I got bored of rules. Well yes I did but not recently. I think I probably got bored of rules a long long long time ago. I got bored of rules the minute I figured out that most of them make no sense, that most of them serve no real purpose, that most of them are bad rules. Was I a pain in the arse child that constantly asked why? I honestly don’t know – ask my parents. I am, like we all are full of contradictions though. I mean it seems a bit odd for someone bored of rules to study law, right? And perhaps even odder then for someone bored of rules to teach law. It’s also odd for someone bored of rules to have coined #MyRunMyRules as their running mantra. So here’s where the blog post splits – keep reading here for my academic-y stuff and click over the my running blog for the running rules stuff.
So what does being bored of rules mean for a legal academic? It’s an interesting one that. I’ve never found rules per se interesting. Law as rules is boring. What is interesting is how we engage with rules, how they impact on our lives and how we choose to navigate that. So when I say I got bored of rules I think what I mean is that I got bored of engaging with rules, particularly rules which I believe are pointless and at best serve no real purpose and at worst do significant damage to us. In the context we were talking in in the therapy session a number of things could have triggered that statement. I am bored of the supposed rules about teaching infrastructure – that our lectures are x minutes long, our workshops the same, that our workbooks for students basically should look the same, that assessment rules stipulate world length for levels etc. Most of these rules serve no useful purpose at all. I am also bored of law as rules. Law is so much more and learning about law shouldn’t be about learning rules. It should be about learning to think about rules and what they mean, how they come to exist and if, why and how there could be better rules, or no rules or just different rules.
I am bored of traditional, outdated, flawed ways of thinking about law and law teaching. I am bored of university rules or rather of engaging with them as if they matter. Mostly they don’t. More and more often I find myself thinking about how things could be better – how do we make changes that really matter – how do we change the rules? What sort of rules should there be? Should there be any? What are the meaningful rules that we need to make a university work? I’m pretty sure they’re not rules about logo placement, about what the VLE looks like or the number of words students have to write at any given level. I wonder if there have to be rules about lectures and seminars and what learning happens when (as if that could ever be a meaningful rule anyway) and I wonder if rules about student attendance really mean anything. What happens when we don’t follow the rules? What happens if we pretend they don’t exist, if we try and think much more creatively about what we want to do in our law schools, why we want to do it and how. What would the rules look like if we did that?

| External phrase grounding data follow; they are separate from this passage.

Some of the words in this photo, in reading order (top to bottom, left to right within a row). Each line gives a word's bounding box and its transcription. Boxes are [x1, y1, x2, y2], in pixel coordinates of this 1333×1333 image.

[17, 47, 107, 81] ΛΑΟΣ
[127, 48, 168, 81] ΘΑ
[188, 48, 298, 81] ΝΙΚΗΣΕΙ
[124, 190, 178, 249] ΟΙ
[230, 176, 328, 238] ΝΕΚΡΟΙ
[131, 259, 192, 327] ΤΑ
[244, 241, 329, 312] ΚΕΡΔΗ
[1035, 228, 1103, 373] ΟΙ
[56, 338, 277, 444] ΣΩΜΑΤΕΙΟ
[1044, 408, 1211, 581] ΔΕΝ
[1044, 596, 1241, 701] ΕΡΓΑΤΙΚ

I know I flirt with breaking rules or ignoring them a lot of the time but I am beginning to get a sense that that’s not enough. That doesn’t change the rules, they’re still there being pointless at best and obstructive to good teaching and research, to collegiality and our collective and individual sanity most of the time. I think we probably need something more. I don’t really know what that looks like though because for now I am simply very very very bored of rules at work and in my work. I’m getting irritated and I am getting angry about rules too and I think I need to work through this more fully before I can get to re-writing the rules – by which I mean mostly scrapping the rules because most of them really are just pointless and destructive.